- Task instructions -
The answer must be the data, repeated exactly.

- Data provided -

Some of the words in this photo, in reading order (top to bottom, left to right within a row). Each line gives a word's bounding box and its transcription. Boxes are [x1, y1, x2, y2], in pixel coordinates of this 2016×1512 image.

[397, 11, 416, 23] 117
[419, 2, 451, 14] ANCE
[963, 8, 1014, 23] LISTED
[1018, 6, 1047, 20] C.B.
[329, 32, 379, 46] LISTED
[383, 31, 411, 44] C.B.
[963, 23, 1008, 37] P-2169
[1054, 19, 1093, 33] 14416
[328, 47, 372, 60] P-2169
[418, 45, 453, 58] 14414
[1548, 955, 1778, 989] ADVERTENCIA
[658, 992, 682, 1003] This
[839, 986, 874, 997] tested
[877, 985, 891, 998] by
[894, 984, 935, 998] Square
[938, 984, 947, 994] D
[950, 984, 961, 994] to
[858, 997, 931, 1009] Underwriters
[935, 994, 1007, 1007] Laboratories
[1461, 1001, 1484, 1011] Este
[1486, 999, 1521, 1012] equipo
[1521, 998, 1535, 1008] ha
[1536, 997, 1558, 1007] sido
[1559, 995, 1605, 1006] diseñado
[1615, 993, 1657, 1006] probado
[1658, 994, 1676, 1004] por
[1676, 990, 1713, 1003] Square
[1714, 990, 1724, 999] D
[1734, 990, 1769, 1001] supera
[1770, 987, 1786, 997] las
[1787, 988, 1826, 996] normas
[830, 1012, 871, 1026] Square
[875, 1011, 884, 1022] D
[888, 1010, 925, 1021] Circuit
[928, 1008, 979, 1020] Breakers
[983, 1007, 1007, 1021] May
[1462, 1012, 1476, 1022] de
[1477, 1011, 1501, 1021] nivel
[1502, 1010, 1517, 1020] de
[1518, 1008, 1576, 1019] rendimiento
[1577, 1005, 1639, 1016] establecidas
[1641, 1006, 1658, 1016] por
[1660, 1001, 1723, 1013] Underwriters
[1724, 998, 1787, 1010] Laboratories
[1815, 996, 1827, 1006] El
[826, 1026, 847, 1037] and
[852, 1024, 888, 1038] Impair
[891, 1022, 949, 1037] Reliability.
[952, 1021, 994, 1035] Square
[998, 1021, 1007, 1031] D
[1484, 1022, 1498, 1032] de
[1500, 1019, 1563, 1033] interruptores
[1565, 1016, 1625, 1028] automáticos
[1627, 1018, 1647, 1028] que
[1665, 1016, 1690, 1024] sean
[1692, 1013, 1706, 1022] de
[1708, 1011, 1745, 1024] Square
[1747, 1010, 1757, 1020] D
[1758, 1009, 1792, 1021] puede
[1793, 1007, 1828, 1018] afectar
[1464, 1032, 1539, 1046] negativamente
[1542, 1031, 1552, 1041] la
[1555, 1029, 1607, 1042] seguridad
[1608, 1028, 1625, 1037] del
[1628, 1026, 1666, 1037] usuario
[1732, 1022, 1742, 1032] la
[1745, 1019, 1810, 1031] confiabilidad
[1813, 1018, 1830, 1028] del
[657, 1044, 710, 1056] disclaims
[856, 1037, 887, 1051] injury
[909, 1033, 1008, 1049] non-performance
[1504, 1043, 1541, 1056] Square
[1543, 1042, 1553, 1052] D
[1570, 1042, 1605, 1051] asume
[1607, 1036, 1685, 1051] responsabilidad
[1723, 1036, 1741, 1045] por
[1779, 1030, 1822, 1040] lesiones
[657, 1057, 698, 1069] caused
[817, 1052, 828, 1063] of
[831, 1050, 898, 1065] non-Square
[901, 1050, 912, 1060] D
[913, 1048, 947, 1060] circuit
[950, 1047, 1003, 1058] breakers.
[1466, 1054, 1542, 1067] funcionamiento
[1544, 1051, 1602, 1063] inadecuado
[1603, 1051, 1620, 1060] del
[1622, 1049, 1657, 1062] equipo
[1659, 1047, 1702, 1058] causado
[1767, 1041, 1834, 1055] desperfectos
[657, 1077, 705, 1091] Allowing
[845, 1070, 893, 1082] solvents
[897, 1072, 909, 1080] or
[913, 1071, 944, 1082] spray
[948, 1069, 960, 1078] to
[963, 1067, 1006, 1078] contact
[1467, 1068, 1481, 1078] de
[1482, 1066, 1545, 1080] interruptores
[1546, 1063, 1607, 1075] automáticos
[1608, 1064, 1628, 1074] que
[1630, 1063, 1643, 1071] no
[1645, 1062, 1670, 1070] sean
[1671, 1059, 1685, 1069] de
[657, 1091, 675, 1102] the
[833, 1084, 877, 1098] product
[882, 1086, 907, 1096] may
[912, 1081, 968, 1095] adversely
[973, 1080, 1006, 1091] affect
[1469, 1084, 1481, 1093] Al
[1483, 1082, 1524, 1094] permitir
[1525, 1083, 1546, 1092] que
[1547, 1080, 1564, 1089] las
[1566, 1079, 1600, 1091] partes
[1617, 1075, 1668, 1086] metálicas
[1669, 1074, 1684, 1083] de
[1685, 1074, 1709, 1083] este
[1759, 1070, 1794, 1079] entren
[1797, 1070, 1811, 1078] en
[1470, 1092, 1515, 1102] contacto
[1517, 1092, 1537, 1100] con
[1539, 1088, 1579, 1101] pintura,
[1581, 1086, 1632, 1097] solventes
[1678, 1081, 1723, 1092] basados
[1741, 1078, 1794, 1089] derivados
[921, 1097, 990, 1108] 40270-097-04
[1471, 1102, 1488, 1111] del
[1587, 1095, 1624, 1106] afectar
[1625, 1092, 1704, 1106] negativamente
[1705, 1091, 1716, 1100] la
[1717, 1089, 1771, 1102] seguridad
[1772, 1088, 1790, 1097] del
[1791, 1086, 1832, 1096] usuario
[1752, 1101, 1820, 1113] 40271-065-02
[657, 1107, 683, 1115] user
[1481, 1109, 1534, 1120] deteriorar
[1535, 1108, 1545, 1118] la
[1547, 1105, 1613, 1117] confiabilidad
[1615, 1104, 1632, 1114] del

- Response area -
Some of the words in this photo, in reading order (top to bottom, left to right within a row). Each line gives a word's bounding box and its transcription. Boxes are [x1, y1, x2, y2], in pixel coordinates of this 2016×1512 image.

[397, 11, 416, 23] 117
[419, 2, 451, 14] ANCE
[963, 8, 1014, 23] LISTED
[1018, 6, 1047, 20] C.B.
[329, 32, 379, 46] LISTED
[383, 31, 411, 44] C.B.
[963, 23, 1008, 37] P-2169
[1054, 19, 1093, 33] 14416
[328, 47, 372, 60] P-2169
[418, 45, 453, 58] 14414
[1548, 955, 1778, 989] ADVERTENCIA
[658, 992, 682, 1003] This
[839, 986, 874, 997] tested
[877, 985, 891, 998] by
[894, 984, 935, 998] Square
[938, 984, 947, 994] D
[950, 984, 961, 994] to
[858, 997, 931, 1009] Underwriters
[935, 994, 1007, 1007] Laboratories
[1461, 1001, 1484, 1011] Este
[1486, 999, 1521, 1012] equipo
[1521, 998, 1535, 1008] ha
[1536, 997, 1558, 1007] sido
[1559, 995, 1605, 1006] diseñado
[1615, 993, 1657, 1006] probado
[1658, 994, 1676, 1004] por
[1676, 990, 1713, 1003] Square
[1714, 990, 1724, 999] D
[1734, 990, 1769, 1001] supera
[1770, 987, 1786, 997] las
[1787, 988, 1826, 996] normas
[830, 1012, 871, 1026] Square
[875, 1011, 884, 1022] D
[888, 1010, 925, 1021] Circuit
[928, 1008, 979, 1020] Breakers
[983, 1007, 1007, 1021] May
[1462, 1012, 1476, 1022] de
[1477, 1011, 1501, 1021] nivel
[1502, 1010, 1517, 1020] de
[1518, 1008, 1576, 1019] rendimiento
[1577, 1005, 1639, 1016] establecidas
[1641, 1006, 1658, 1016] por
[1660, 1001, 1723, 1013] Underwriters
[1724, 998, 1787, 1010] Laboratories
[1815, 996, 1827, 1006] El
[826, 1026, 847, 1037] and
[852, 1024, 888, 1038] Impair
[891, 1022, 949, 1037] Reliability.
[952, 1021, 994, 1035] Square
[998, 1021, 1007, 1031] D
[1484, 1022, 1498, 1032] de
[1500, 1019, 1563, 1033] interruptores
[1565, 1016, 1625, 1028] automáticos
[1627, 1018, 1647, 1028] que
[1665, 1016, 1690, 1024] sean
[1692, 1013, 1706, 1022] de
[1708, 1011, 1745, 1024] Square
[1747, 1010, 1757, 1020] D
[1758, 1009, 1792, 1021] puede
[1793, 1007, 1828, 1018] afectar
[1464, 1032, 1539, 1046] negativamente
[1542, 1031, 1552, 1041] la
[1555, 1029, 1607, 1042] seguridad
[1608, 1028, 1625, 1037] del
[1628, 1026, 1666, 1037] usuario
[1732, 1022, 1742, 1032] la
[1745, 1019, 1810, 1031] confiabilidad
[1813, 1018, 1830, 1028] del
[657, 1044, 710, 1056] disclaims
[856, 1037, 887, 1051] injury
[909, 1033, 1008, 1049] non-performance
[1504, 1043, 1541, 1056] Square
[1543, 1042, 1553, 1052] D
[1570, 1042, 1605, 1051] asume
[1607, 1036, 1685, 1051] responsabilidad
[1723, 1036, 1741, 1045] por
[1779, 1030, 1822, 1040] lesiones
[657, 1057, 698, 1069] caused
[817, 1052, 828, 1063] of
[831, 1050, 898, 1065] non-Square
[901, 1050, 912, 1060] D
[913, 1048, 947, 1060] circuit
[950, 1047, 1003, 1058] breakers.
[1466, 1054, 1542, 1067] funcionamiento
[1544, 1051, 1602, 1063] inadecuado
[1603, 1051, 1620, 1060] del
[1622, 1049, 1657, 1062] equipo
[1659, 1047, 1702, 1058] causado
[1767, 1041, 1834, 1055] desperfectos
[657, 1077, 705, 1091] Allowing
[845, 1070, 893, 1082] solvents
[897, 1072, 909, 1080] or
[913, 1071, 944, 1082] spray
[948, 1069, 960, 1078] to
[963, 1067, 1006, 1078] contact
[1467, 1068, 1481, 1078] de
[1482, 1066, 1545, 1080] interruptores
[1546, 1063, 1607, 1075] automáticos
[1608, 1064, 1628, 1074] que
[1630, 1063, 1643, 1071] no
[1645, 1062, 1670, 1070] sean
[1671, 1059, 1685, 1069] de
[657, 1091, 675, 1102] the
[833, 1084, 877, 1098] product
[882, 1086, 907, 1096] may
[912, 1081, 968, 1095] adversely
[973, 1080, 1006, 1091] affect
[1469, 1084, 1481, 1093] Al
[1483, 1082, 1524, 1094] permitir
[1525, 1083, 1546, 1092] que
[1547, 1080, 1564, 1089] las
[1566, 1079, 1600, 1091] partes
[1617, 1075, 1668, 1086] metálicas
[1669, 1074, 1684, 1083] de
[1685, 1074, 1709, 1083] este
[1759, 1070, 1794, 1079] entren
[1797, 1070, 1811, 1078] en
[1470, 1092, 1515, 1102] contacto
[1517, 1092, 1537, 1100] con
[1539, 1088, 1579, 1101] pintura,
[1581, 1086, 1632, 1097] solventes
[1678, 1081, 1723, 1092] basados
[1741, 1078, 1794, 1089] derivados
[921, 1097, 990, 1108] 40270-097-04
[1471, 1102, 1488, 1111] del
[1587, 1095, 1624, 1106] afectar
[1625, 1092, 1704, 1106] negativamente
[1705, 1091, 1716, 1100] la
[1717, 1089, 1771, 1102] seguridad
[1772, 1088, 1790, 1097] del
[1791, 1086, 1832, 1096] usuario
[1752, 1101, 1820, 1113] 40271-065-02
[657, 1107, 683, 1115] user
[1481, 1109, 1534, 1120] deteriorar
[1535, 1108, 1545, 1118] la
[1547, 1105, 1613, 1117] confiabilidad
[1615, 1104, 1632, 1114] del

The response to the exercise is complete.